Creating a secure and safe computing environment is never an easy task, especially when you are responsible for the diverse requirements needed at one of Canada’s largest school boards.

David Klein, network analyst, computer services with the Toronto Catholic District School Board (TCSB), and his team are responsible for walking a fine line in order to create a solution which allows for high levels of protection for those students in elementary school accessing the Internet, yet lessens the controls for high school students and administrative staff access.

The TCSB cannot provide a one-size-fits-all solution, he said, so it has to tailor its solution to specific needs.

The fine line Klein’s team has to walk is the educational mandate that allows children to explore thoughts and ideas while still in a safe and controlled learning environment. While a larger corporation can write generic, role-based access rules, in an educational environment controls have to be very specific. Access may need to vary from class to grade.
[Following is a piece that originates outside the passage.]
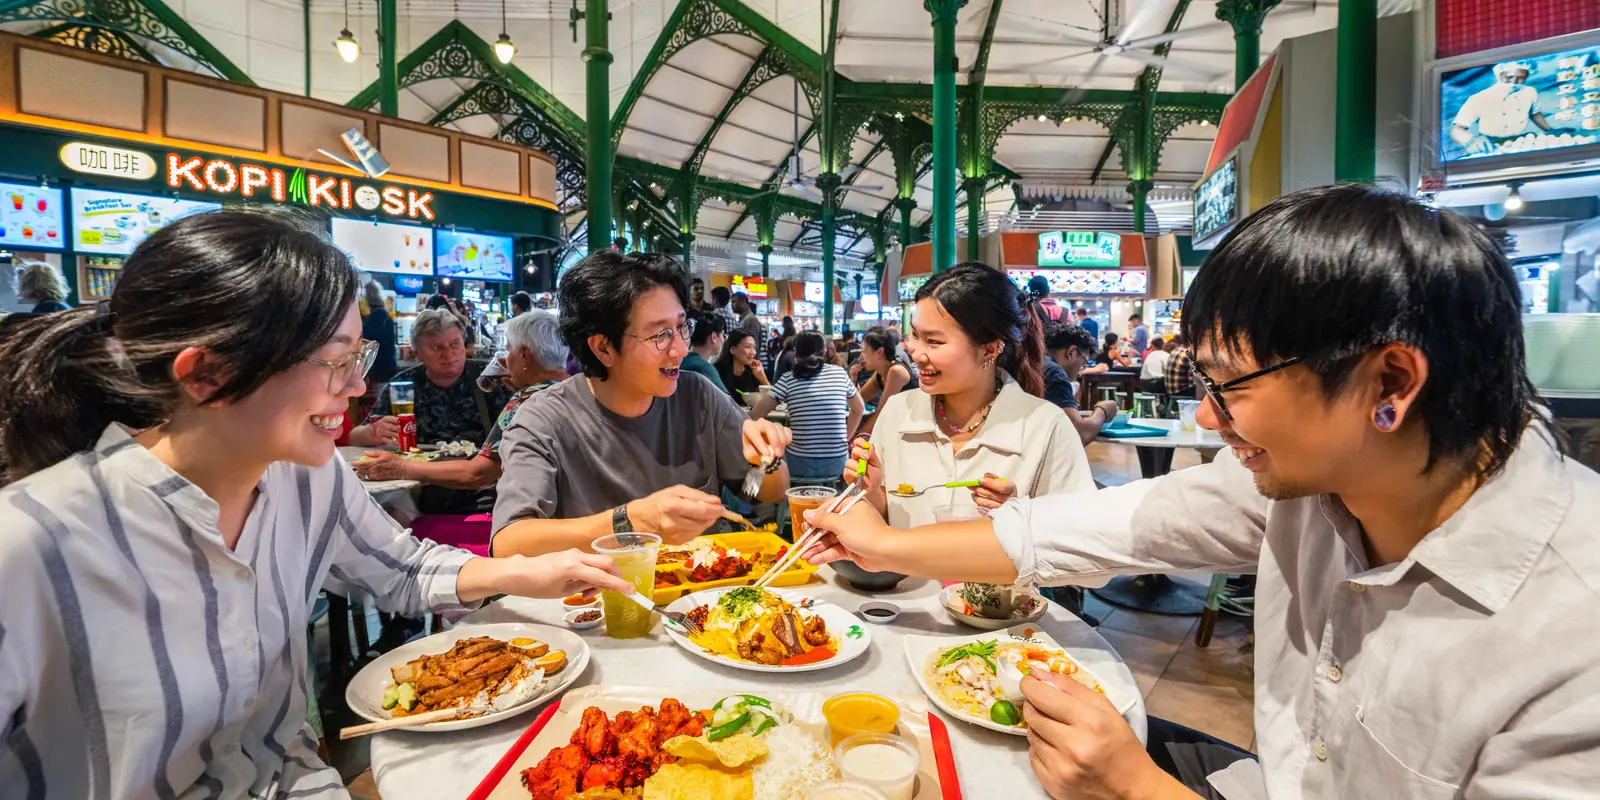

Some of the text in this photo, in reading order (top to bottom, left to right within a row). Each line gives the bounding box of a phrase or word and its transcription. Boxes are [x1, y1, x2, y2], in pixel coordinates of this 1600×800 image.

[80, 148, 140, 174] 咖啡
[167, 153, 435, 221] KOPI KIOSK
“We have three overall goals,” Klein said: to protect the system, to protect the students and to aid teachers and staff in delivering educational content.

For security, the TCSB uses a variety of Symantec Corp.’s products, from basic firewall protection to Web access control and content filtering software. With over 200 different physical sites, the ability to centrally manage security was an absolutely necessity, Klein said. The school board also uses a variety of other technologies to control computer access.
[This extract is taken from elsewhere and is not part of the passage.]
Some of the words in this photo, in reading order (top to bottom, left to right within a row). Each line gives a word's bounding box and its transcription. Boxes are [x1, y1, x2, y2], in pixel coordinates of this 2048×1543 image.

For example, using a technology called Visual Casel, a teacher can limit the software applications students can use in a classroom so they are focusing on the lesson at hand. “You don’t want them doing their math homework…in geography class,” Klein said.

One similarity with a large-scale enterprise is the need to monitor the overall IT system since internal threats are very real. Though the vast majority of the 100,000 plus students are “really good,” Klein admitted the TCSB has “about 100,000 potential little hackers.” Curious and inquisitive students are a potential threat even though it may be unintentional.
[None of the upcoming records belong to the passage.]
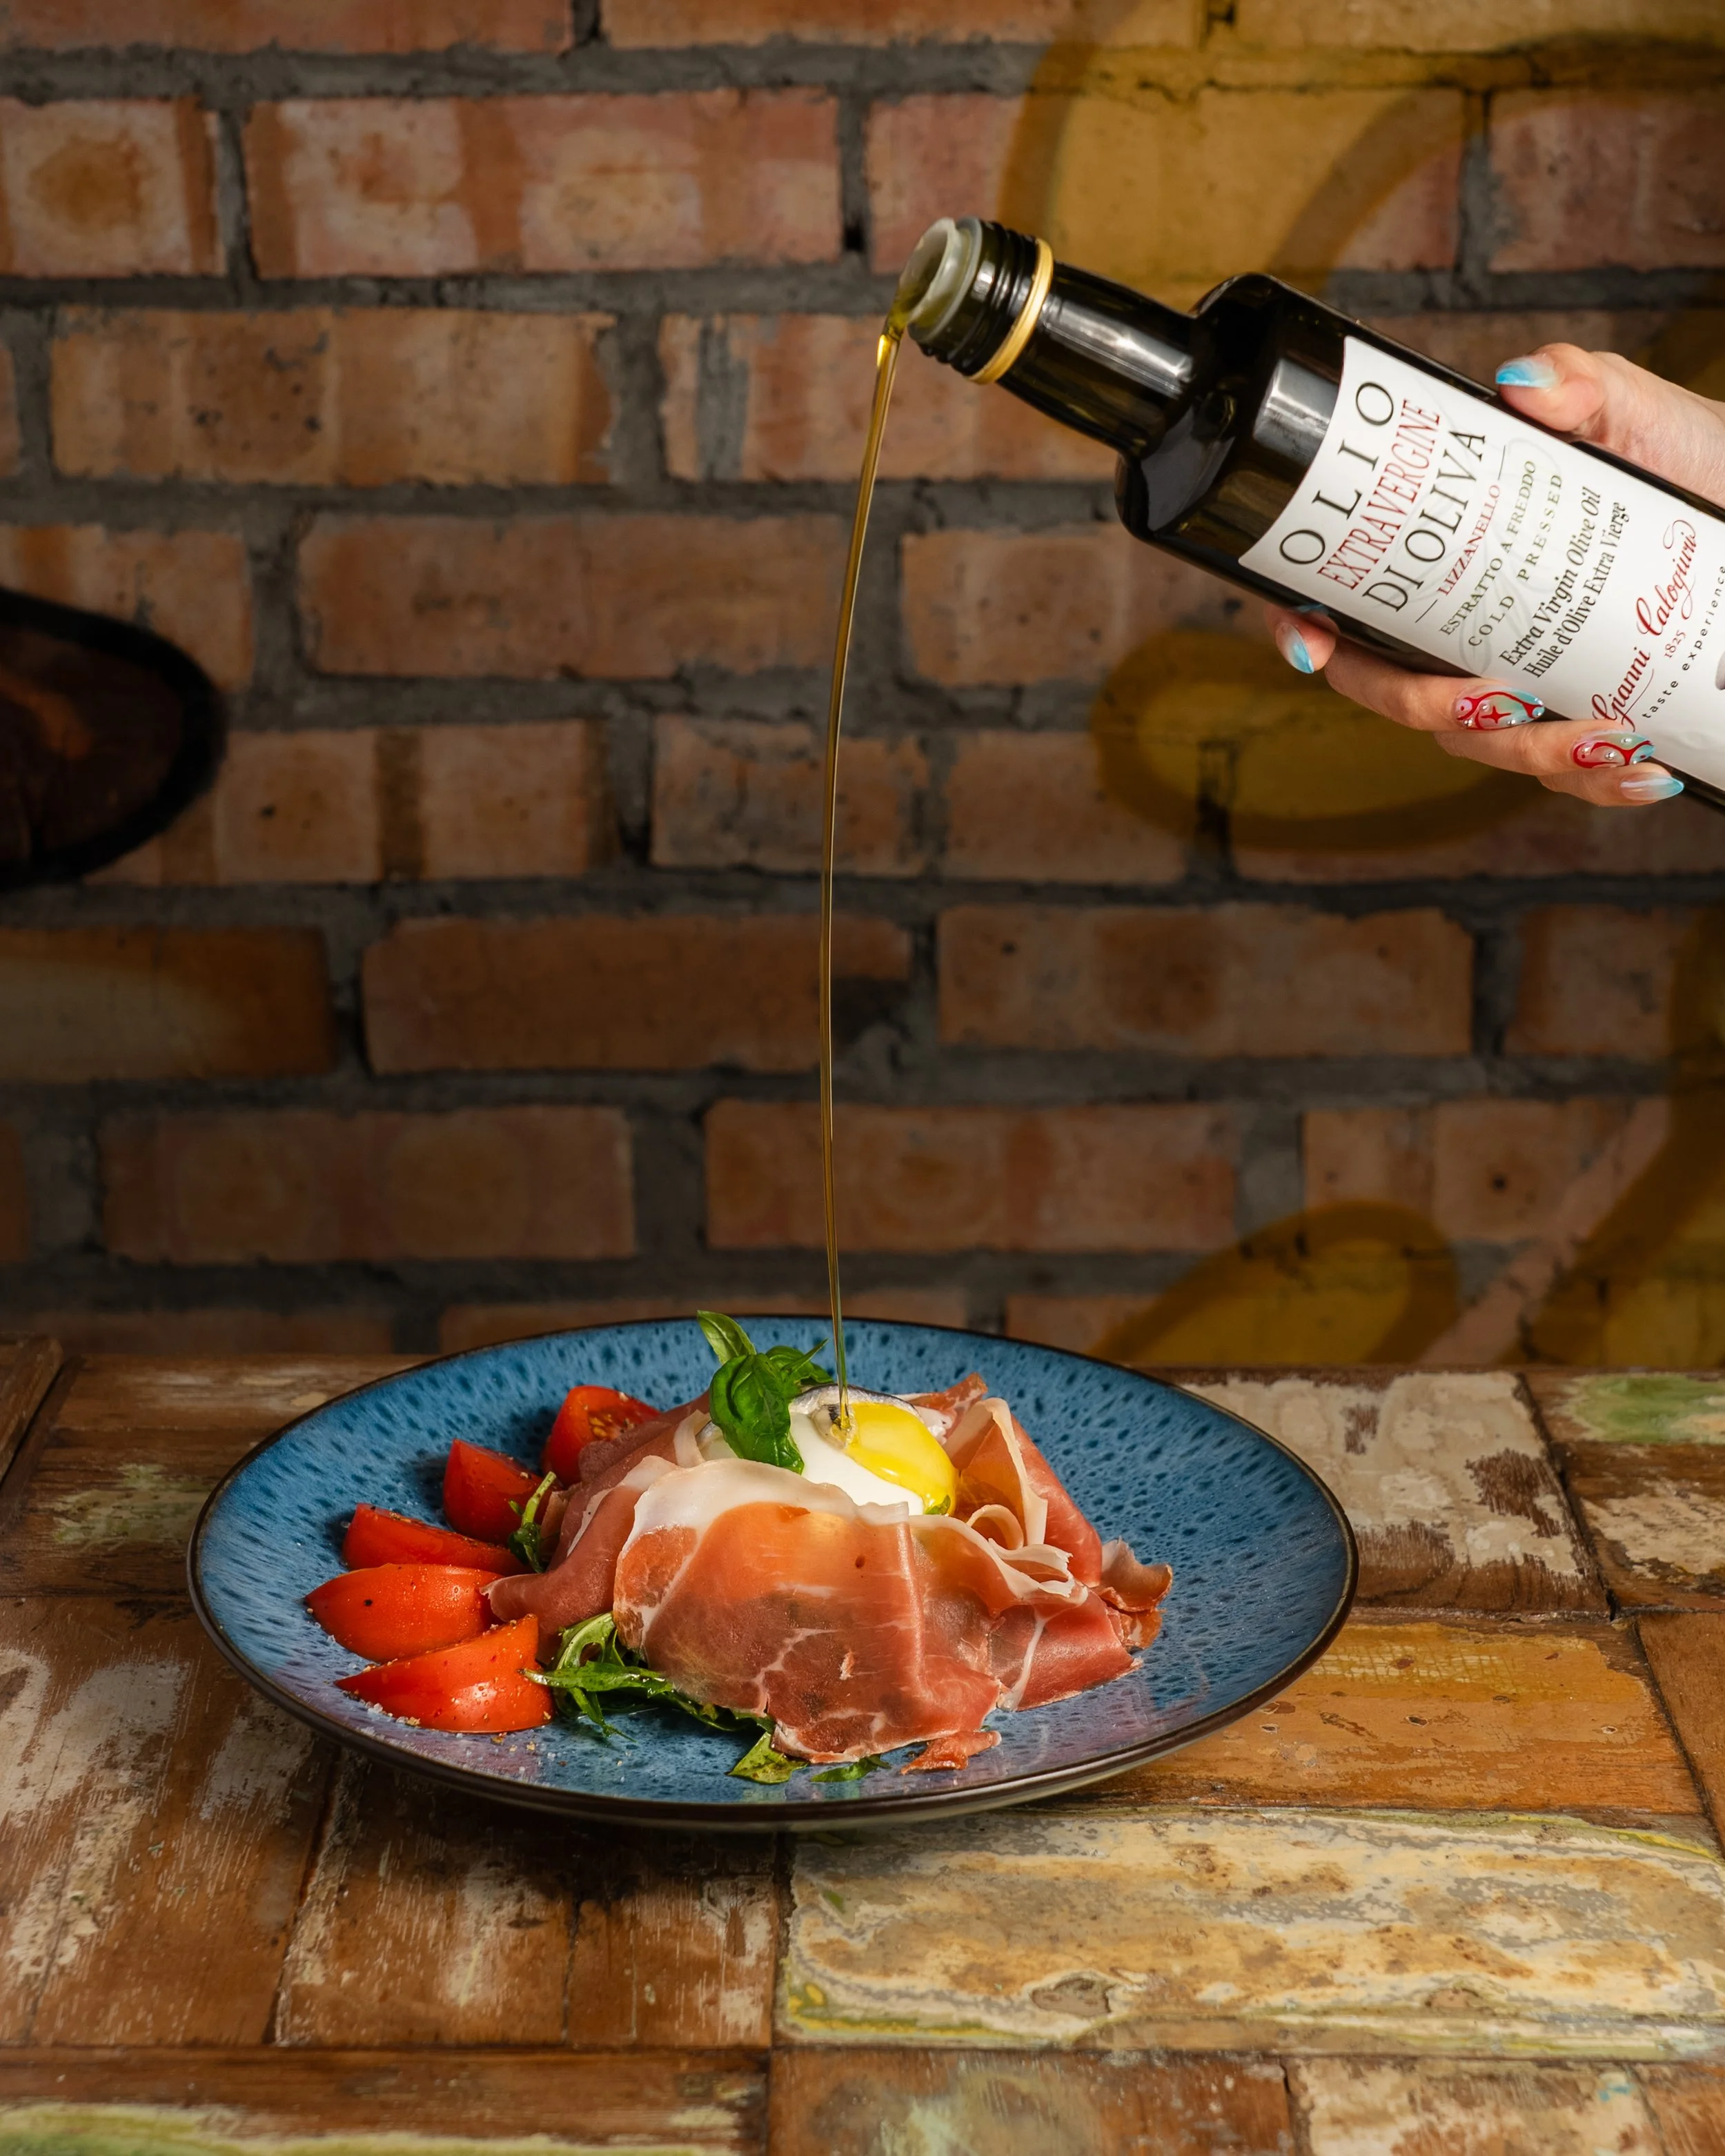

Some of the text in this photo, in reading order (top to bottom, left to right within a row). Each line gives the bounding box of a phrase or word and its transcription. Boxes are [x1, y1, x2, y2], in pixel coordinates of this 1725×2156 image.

[1279, 381, 1394, 564] OLIO
[1362, 430, 1486, 612] DI OLIVA
[1437, 484, 1500, 595] LIZZANELLO
[1439, 460, 1536, 635] ESTRATTO A FREDDO
[1468, 475, 1561, 646] COLD PRESSED
[1499, 486, 1601, 666] Extra Virgin Olive Oil
[1522, 644, 1564, 678] Huile
[1583, 551, 1615, 595] Extra
[1600, 502, 1630, 548] Vierge
[1591, 520, 1696, 732] Gianni Calogiuri
[1642, 566, 1725, 719] taste experience
[1664, 629, 1686, 659] 1825
The diligence has paid off. One student brought in a hacking tool on a floppy disk. As a default the TCSB systems scans all floppies. The tool was detected and erased, and unbeknownst to the student, an audit trail led Klein’s team back to the individual. The student was suspended. “We are doing pretty well but we could still do better,” Klein admitted. “We really need to improve on educating our end users.”

Letting students know the systems are being monitored helps, he said.

Kiron Bondale agreed that end-user education is key, and without it a company is incredibly vulnerable. Without educated end users “all the technology in the world won’t protect you from an incident,” he said.

At MDS Inc., where Bondale is a senior project manager, the company uses a combination of spot checks and auditing, along with educational programs, to see how security awareness is progressing. If spot checks find that a certain educational message is not sinking in, say locking down a screen when a user leaves his or her computer, MDS can re-focus and improve the educational message.

MDS, a company which employs about 10,000 people in the health care and life sciences sector, also sends out frequent FAQs of the “are you aware of?” variety. The change is not overnight, Bondale said. “You get incremental improvement.” The company also uses tools to monitor these improvements, “where we are compared to our (security) baseline,” he said. But “we are not trying to be cops.”

But since MDS is in the health care industry, the fallout from security problems is not just a media relations nightmare. The industry is heavily regulated by privacy laws such as the Health Insurance Portability and Accountability Act (U.S.) and the Personal Information Protection and Electronic Documents Act (Canada).